→ **ACTIVITY**
When a line below holds the string "버려주세요", show that line.

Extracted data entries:
▼

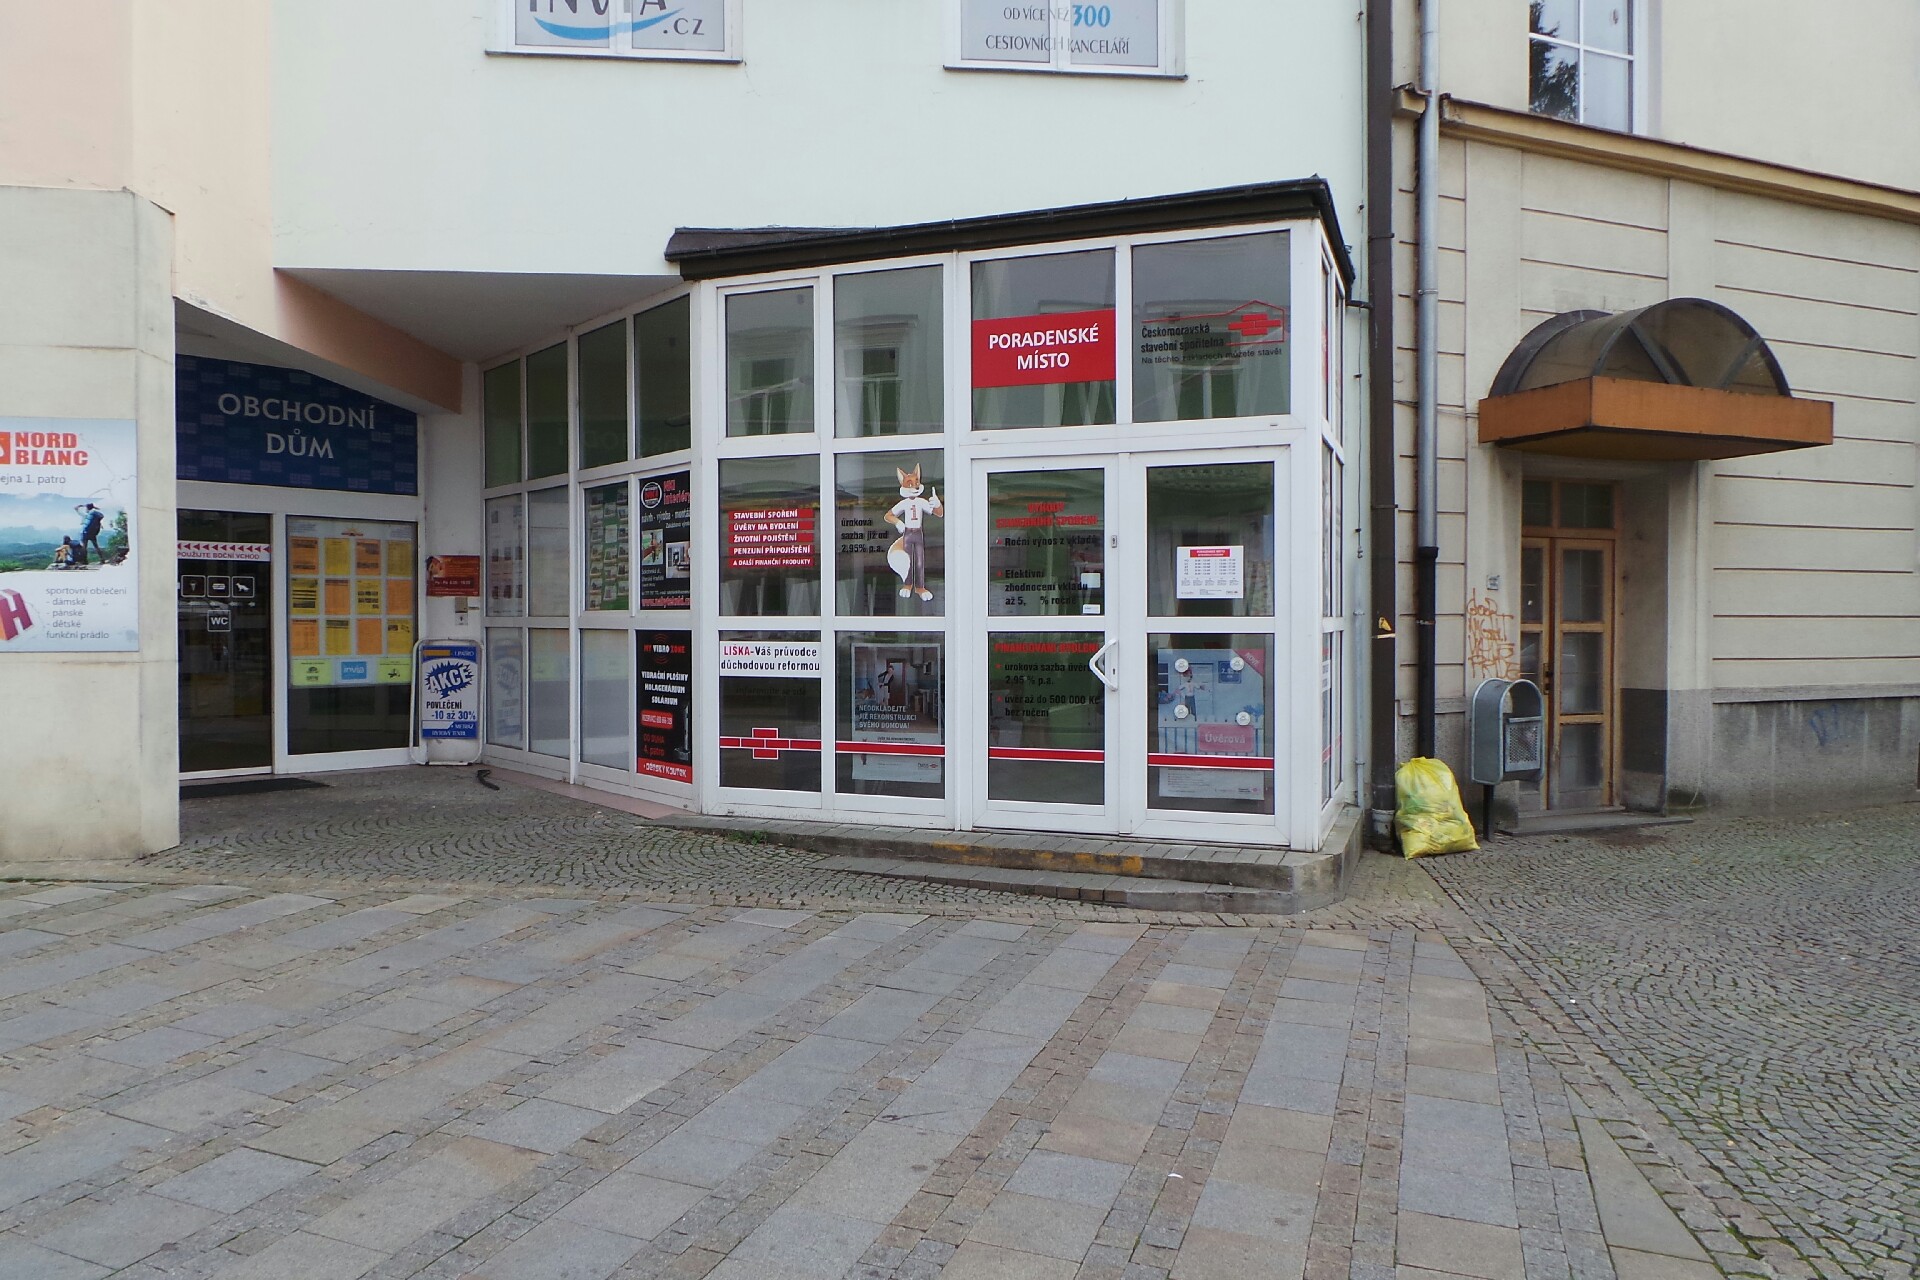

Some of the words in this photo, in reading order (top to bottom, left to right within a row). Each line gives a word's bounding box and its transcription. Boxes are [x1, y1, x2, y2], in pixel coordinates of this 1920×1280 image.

[1003, 7, 1020, 20] OD
[1023, 5, 1046, 21] VÍCE
[1072, 5, 1111, 27] 300
[986, 34, 1064, 51] CESTOVNÍCH
[1068, 37, 1129, 54] KANCELÁŘÍ
[1142, 323, 1210, 338] Českomoravská
[988, 323, 1099, 349] PORADENSKÉ
[1141, 340, 1177, 353] stavební
[1179, 337, 1225, 351] spořitelna
[1017, 351, 1070, 370] MÍSTO
[1155, 355, 1180, 363] těchto
[217, 393, 375, 430] OBCHODNÍ
[15, 432, 77, 449] NORD
[266, 428, 334, 459] DŮM
[15, 449, 89, 466] BLANC
[0, 474, 23, 485] ejna
[37, 475, 66, 485] patro
[733, 510, 766, 520] STAVEBNÍ
[768, 509, 798, 519] SPOŘENÍ
[733, 522, 756, 531] ÚVĚRY
[769, 521, 799, 530] BYDLENÍ
[841, 517, 873, 527] úroková
[733, 534, 761, 543] ŽIVOTNÍ
[762, 533, 797, 542] POJIŠTĚNÍ
[841, 531, 864, 540] sazba
[867, 531, 878, 541] již
[878, 531, 889, 539] od
[1005, 537, 1030, 546] Roční
[1032, 537, 1057, 547] výnos
[733, 546, 764, 555] PENZIJNÍ
[765, 545, 811, 554] PŘIPOJIŠTĚNÍ
[755, 558, 781, 566] FINANČNÍ
[1005, 569, 1044, 579] Efektivní
[46, 587, 88, 596] sportovní
[90, 587, 127, 595] oblečení
[1005, 582, 1056, 592] zhodnocení
[52, 598, 87, 606] dámské
[1005, 596, 1016, 605] až
[52, 609, 84, 618] pánské
[52, 620, 81, 628] dětské
[210, 617, 228, 625] WC
[46, 631, 79, 639] funkční
[80, 631, 110, 640] prádlo
[774, 646, 817, 659] průvodce
[721, 659, 775, 670] důchodovou
[778, 660, 820, 671] reformou
[1005, 662, 1039, 671] úroková
[1040, 663, 1065, 672] sazba
[428, 664, 471, 693] AKCE
[641, 670, 666, 680] VIBRAČNÍ
[426, 699, 462, 710] POVLEČENÍ
[651, 695, 678, 706] SOLÁRIUM
[1024, 695, 1034, 704] až
[1036, 696, 1047, 704] do
[431, 711, 444, 720] -10
[446, 710, 456, 720] až
[458, 711, 476, 720] 30%
[869, 713, 917, 721] REKONSTRUKCI
[1005, 707, 1021, 717] bez
[1022, 707, 1050, 717] ručení
[859, 720, 880, 729] SVÉHO
[1205, 731, 1246, 744] Úvěrová
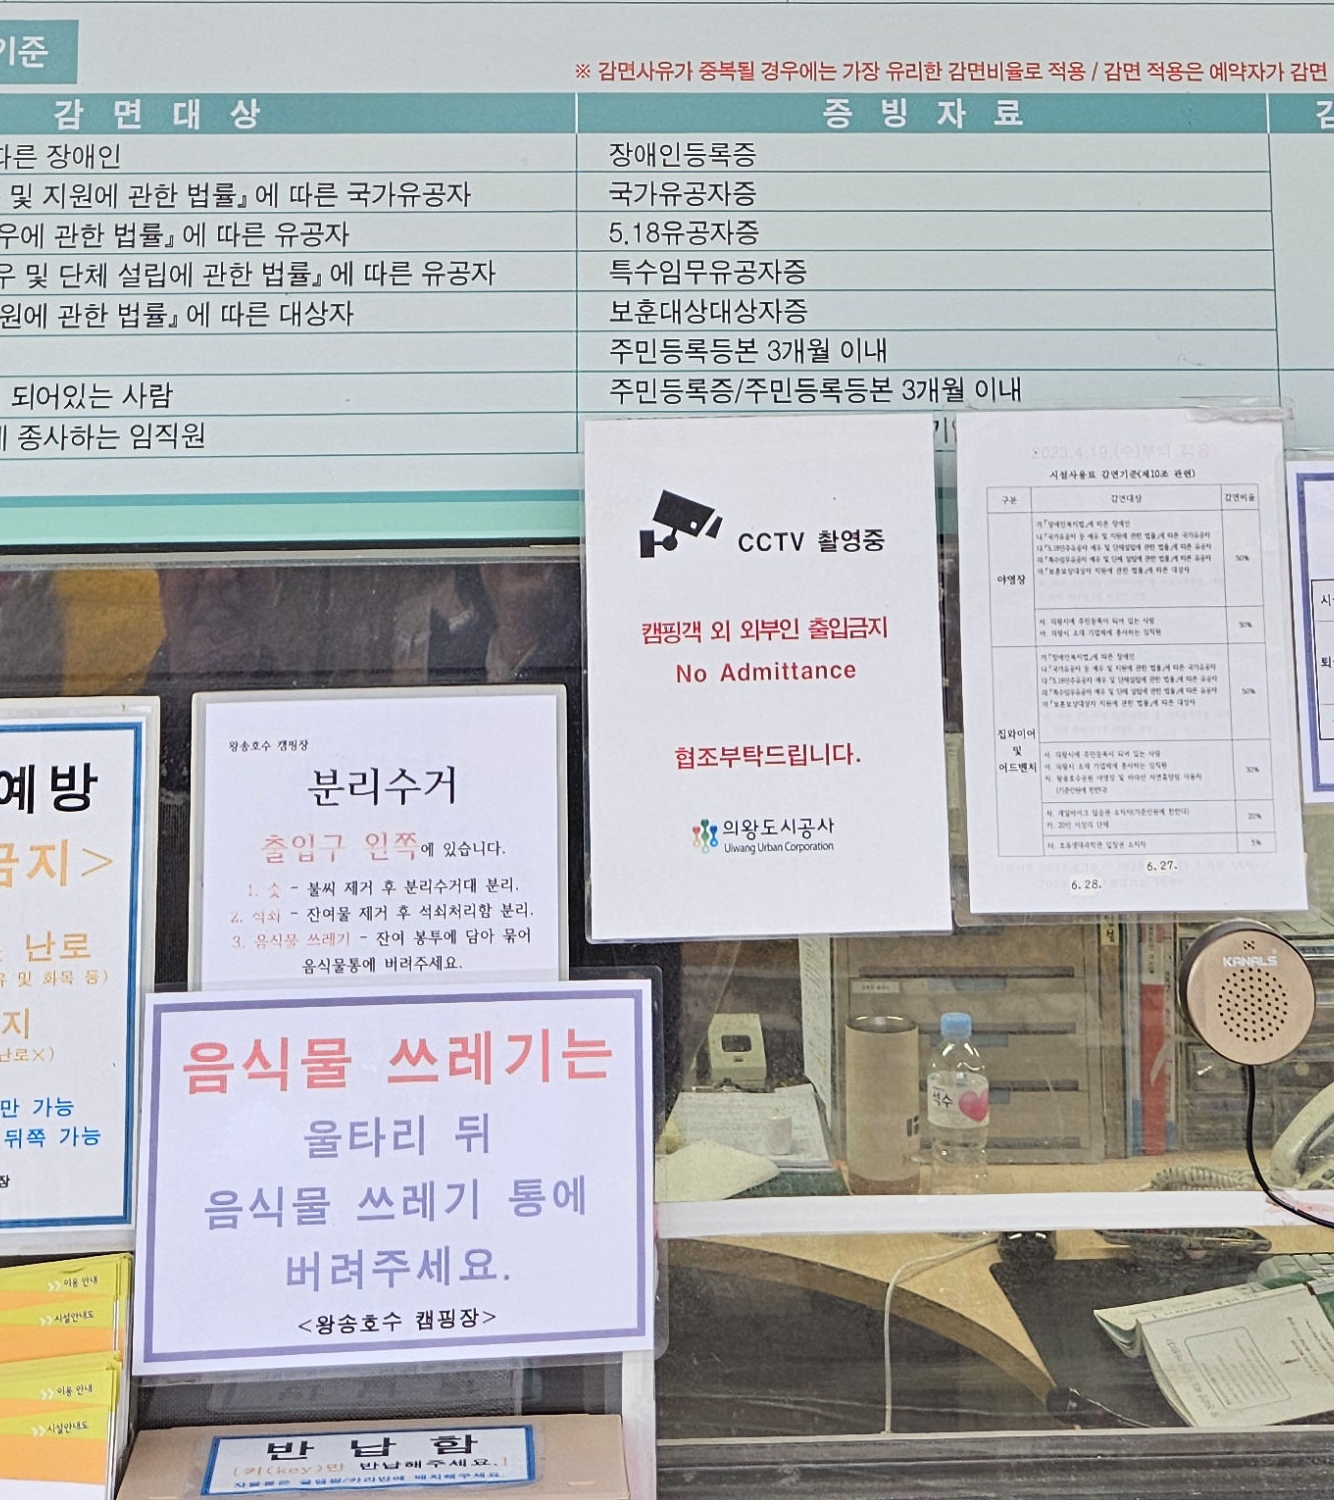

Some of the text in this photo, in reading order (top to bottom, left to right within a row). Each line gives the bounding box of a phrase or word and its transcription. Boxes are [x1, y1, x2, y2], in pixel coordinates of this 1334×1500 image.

[599, 61, 693, 81] 감면사유가
[47, 144, 119, 169] 장애인
[610, 142, 756, 167] 장애인등록증
[347, 181, 471, 207] 국가유공자
[609, 181, 756, 206] 국가유공자증
[610, 220, 759, 245] 5.18유공자증
[610, 259, 806, 285] 특수임무유공자증
[610, 298, 807, 325] 보훈대상대상자증
[610, 338, 886, 365] 주민등록등본 이내
[610, 377, 893, 404] 주민등록증/주민등록등본
[18, 424, 120, 450] 종사하는
[131, 423, 204, 449] 임직원
[739, 529, 885, 552] CCTV 촬영중
[642, 616, 887, 644] 캠핑객 외부인 출입금지
[677, 662, 855, 683] No Admittance
[675, 743, 860, 769] 협조부탁드립니다.
[308, 766, 454, 806] 분리수거
[723, 818, 834, 840] 의왕도시공사
[444, 841, 505, 857] 있습니다.
[725, 842, 834, 855] Uiwang Urban Corporation
[404, 878, 476, 894] 분리수거대
[420, 903, 492, 920] 석쇠처리함
[26, 931, 90, 962] 난로
[302, 956, 462, 974] 음식물통에 버려주세요.
[1223, 956, 1277, 967] KANALS
[183, 1029, 612, 1094] 음식물 쓰레기는
[33, 1097, 74, 1117] 가능
[4, 1128, 45, 1149] 뒤쪽
[304, 1113, 488, 1158] 울타리 뒤
[205, 1175, 585, 1230] 음식물 쓰레기 통에
[287, 1246, 509, 1291] 버려주세요.

▲

→ **ANSWER SECTION**
[302, 956, 462, 974] 음식물통에 버려주세요.
[287, 1246, 509, 1291] 버려주세요.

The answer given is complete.